> _ABOUT THIS TASK_
The answer must be every record below, repeated exactly.

> _DATA_
──────

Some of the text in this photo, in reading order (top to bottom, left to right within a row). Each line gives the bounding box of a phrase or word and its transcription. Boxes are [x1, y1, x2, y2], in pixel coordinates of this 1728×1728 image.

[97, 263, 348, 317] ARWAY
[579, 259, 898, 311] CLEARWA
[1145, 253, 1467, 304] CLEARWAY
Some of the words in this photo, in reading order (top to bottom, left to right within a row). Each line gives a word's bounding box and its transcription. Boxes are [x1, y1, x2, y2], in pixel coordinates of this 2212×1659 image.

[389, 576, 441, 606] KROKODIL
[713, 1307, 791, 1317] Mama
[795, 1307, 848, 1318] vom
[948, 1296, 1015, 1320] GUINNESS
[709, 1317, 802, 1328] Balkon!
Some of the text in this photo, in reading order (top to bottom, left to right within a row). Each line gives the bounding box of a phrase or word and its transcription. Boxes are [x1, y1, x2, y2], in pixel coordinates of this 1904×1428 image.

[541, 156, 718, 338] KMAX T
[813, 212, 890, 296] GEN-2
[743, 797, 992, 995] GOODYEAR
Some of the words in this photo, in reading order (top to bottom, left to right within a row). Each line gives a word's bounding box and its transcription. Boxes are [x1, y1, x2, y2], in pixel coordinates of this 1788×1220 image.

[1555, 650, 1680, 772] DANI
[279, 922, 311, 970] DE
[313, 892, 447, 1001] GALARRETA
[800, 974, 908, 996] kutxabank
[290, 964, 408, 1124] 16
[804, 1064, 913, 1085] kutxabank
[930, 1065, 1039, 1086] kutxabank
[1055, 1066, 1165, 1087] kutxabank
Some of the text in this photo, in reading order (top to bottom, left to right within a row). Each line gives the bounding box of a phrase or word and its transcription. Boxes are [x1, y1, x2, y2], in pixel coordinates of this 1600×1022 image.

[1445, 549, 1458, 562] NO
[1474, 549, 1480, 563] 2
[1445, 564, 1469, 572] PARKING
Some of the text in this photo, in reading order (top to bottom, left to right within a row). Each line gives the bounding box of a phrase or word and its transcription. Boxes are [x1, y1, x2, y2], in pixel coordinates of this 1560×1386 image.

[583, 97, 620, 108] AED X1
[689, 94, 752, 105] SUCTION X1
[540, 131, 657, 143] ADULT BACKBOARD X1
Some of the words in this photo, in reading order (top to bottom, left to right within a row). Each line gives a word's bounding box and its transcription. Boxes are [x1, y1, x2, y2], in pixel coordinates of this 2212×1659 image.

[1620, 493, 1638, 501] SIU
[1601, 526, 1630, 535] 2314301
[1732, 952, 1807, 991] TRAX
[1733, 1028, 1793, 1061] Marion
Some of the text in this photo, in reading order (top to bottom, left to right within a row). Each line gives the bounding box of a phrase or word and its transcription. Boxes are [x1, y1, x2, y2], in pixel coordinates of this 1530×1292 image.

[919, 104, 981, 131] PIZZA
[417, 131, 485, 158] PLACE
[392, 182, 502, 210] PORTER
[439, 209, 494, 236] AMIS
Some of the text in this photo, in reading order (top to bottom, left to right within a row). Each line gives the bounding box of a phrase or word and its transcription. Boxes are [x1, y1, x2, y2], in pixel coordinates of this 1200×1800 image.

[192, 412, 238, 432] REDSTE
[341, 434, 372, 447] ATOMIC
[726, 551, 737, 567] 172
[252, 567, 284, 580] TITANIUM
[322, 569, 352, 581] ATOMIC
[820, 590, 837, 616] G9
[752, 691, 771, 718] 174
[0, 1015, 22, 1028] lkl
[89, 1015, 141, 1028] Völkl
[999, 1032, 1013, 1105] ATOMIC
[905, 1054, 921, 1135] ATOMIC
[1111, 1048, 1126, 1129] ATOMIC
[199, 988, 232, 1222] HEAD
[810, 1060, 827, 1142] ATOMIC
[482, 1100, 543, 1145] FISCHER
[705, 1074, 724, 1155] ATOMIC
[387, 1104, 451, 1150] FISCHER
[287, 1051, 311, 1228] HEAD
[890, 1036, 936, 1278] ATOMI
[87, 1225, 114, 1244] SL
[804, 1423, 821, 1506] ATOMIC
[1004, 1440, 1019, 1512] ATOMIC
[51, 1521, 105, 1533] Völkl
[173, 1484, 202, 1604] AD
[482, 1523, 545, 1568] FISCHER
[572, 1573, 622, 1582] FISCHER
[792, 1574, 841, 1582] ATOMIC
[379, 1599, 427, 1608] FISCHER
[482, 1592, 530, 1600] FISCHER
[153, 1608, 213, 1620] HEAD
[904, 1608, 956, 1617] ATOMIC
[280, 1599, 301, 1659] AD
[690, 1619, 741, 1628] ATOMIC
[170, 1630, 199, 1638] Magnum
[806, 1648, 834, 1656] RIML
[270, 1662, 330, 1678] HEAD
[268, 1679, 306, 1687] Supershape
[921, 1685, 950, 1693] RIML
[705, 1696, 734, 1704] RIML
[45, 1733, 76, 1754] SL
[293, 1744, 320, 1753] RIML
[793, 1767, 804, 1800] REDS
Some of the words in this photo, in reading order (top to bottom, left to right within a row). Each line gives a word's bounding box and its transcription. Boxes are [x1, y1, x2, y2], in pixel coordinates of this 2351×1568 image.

──────

> _WRITTEN ANSWER_
Some of the text in this photo, in reading order (top to bottom, left to right within a row). Each line gives the bounding box of a phrase or word and its transcription. Boxes are [x1, y1, x2, y2], in pixel coordinates of this 1728×1728 image.

[97, 263, 348, 317] ARWAY
[579, 259, 898, 311] CLEARWA
[1145, 253, 1467, 304] CLEARWAY
Some of the words in this photo, in reading order (top to bottom, left to right within a row). Each line gives a word's bounding box and its transcription. Boxes are [x1, y1, x2, y2], in pixel coordinates of this 2212×1659 image.

[389, 576, 441, 606] KROKODIL
[713, 1307, 791, 1317] Mama
[795, 1307, 848, 1318] vom
[948, 1296, 1015, 1320] GUINNESS
[709, 1317, 802, 1328] Balkon!
Some of the text in this photo, in reading order (top to bottom, left to right within a row). Each line gives the bounding box of a phrase or word and its transcription. Boxes are [x1, y1, x2, y2], in pixel coordinates of this 1904×1428 image.

[541, 156, 718, 338] KMAX T
[813, 212, 890, 296] GEN-2
[743, 797, 992, 995] GOODYEAR
Some of the words in this photo, in reading order (top to bottom, left to right within a row). Each line gives a word's bounding box and its transcription. Boxes are [x1, y1, x2, y2], in pixel coordinates of this 1788×1220 image.

[1555, 650, 1680, 772] DANI
[279, 922, 311, 970] DE
[313, 892, 447, 1001] GALARRETA
[800, 974, 908, 996] kutxabank
[290, 964, 408, 1124] 16
[804, 1064, 913, 1085] kutxabank
[930, 1065, 1039, 1086] kutxabank
[1055, 1066, 1165, 1087] kutxabank
Some of the text in this photo, in reading order (top to bottom, left to right within a row). Each line gives the bounding box of a phrase or word and its transcription. Boxes are [x1, y1, x2, y2], in pixel coordinates of this 1600×1022 image.

[1445, 549, 1458, 562] NO
[1474, 549, 1480, 563] 2
[1445, 564, 1469, 572] PARKING
Some of the text in this photo, in reading order (top to bottom, left to right within a row). Each line gives the bounding box of a phrase or word and its transcription. Boxes are [x1, y1, x2, y2], in pixel coordinates of this 1560×1386 image.

[583, 97, 620, 108] AED X1
[689, 94, 752, 105] SUCTION X1
[540, 131, 657, 143] ADULT BACKBOARD X1
Some of the words in this photo, in reading order (top to bottom, left to right within a row). Each line gives a word's bounding box and its transcription. Boxes are [x1, y1, x2, y2], in pixel coordinates of this 2212×1659 image.

[1620, 493, 1638, 501] SIU
[1601, 526, 1630, 535] 2314301
[1732, 952, 1807, 991] TRAX
[1733, 1028, 1793, 1061] Marion
Some of the text in this photo, in reading order (top to bottom, left to right within a row). Each line gives the bounding box of a phrase or word and its transcription. Boxes are [x1, y1, x2, y2], in pixel coordinates of this 1530×1292 image.

[919, 104, 981, 131] PIZZA
[417, 131, 485, 158] PLACE
[392, 182, 502, 210] PORTER
[439, 209, 494, 236] AMIS
Some of the text in this photo, in reading order (top to bottom, left to right within a row). Each line gives the bounding box of a phrase or word and its transcription. Boxes are [x1, y1, x2, y2], in pixel coordinates of this 1200×1800 image.

[192, 412, 238, 432] REDSTE
[341, 434, 372, 447] ATOMIC
[726, 551, 737, 567] 172
[252, 567, 284, 580] TITANIUM
[322, 569, 352, 581] ATOMIC
[820, 590, 837, 616] G9
[752, 691, 771, 718] 174
[0, 1015, 22, 1028] lkl
[89, 1015, 141, 1028] Völkl
[999, 1032, 1013, 1105] ATOMIC
[905, 1054, 921, 1135] ATOMIC
[1111, 1048, 1126, 1129] ATOMIC
[199, 988, 232, 1222] HEAD
[810, 1060, 827, 1142] ATOMIC
[482, 1100, 543, 1145] FISCHER
[705, 1074, 724, 1155] ATOMIC
[387, 1104, 451, 1150] FISCHER
[287, 1051, 311, 1228] HEAD
[890, 1036, 936, 1278] ATOMI
[87, 1225, 114, 1244] SL
[804, 1423, 821, 1506] ATOMIC
[1004, 1440, 1019, 1512] ATOMIC
[51, 1521, 105, 1533] Völkl
[173, 1484, 202, 1604] AD
[482, 1523, 545, 1568] FISCHER
[572, 1573, 622, 1582] FISCHER
[792, 1574, 841, 1582] ATOMIC
[379, 1599, 427, 1608] FISCHER
[482, 1592, 530, 1600] FISCHER
[153, 1608, 213, 1620] HEAD
[904, 1608, 956, 1617] ATOMIC
[280, 1599, 301, 1659] AD
[690, 1619, 741, 1628] ATOMIC
[170, 1630, 199, 1638] Magnum
[806, 1648, 834, 1656] RIML
[270, 1662, 330, 1678] HEAD
[268, 1679, 306, 1687] Supershape
[921, 1685, 950, 1693] RIML
[705, 1696, 734, 1704] RIML
[45, 1733, 76, 1754] SL
[293, 1744, 320, 1753] RIML
[793, 1767, 804, 1800] REDS
Some of the words in this photo, in reading order (top to bottom, left to right within a row). Each line gives a word's bounding box and its transcription. Boxes are [x1, y1, x2, y2], in pixel coordinates of this 2351×1568 image.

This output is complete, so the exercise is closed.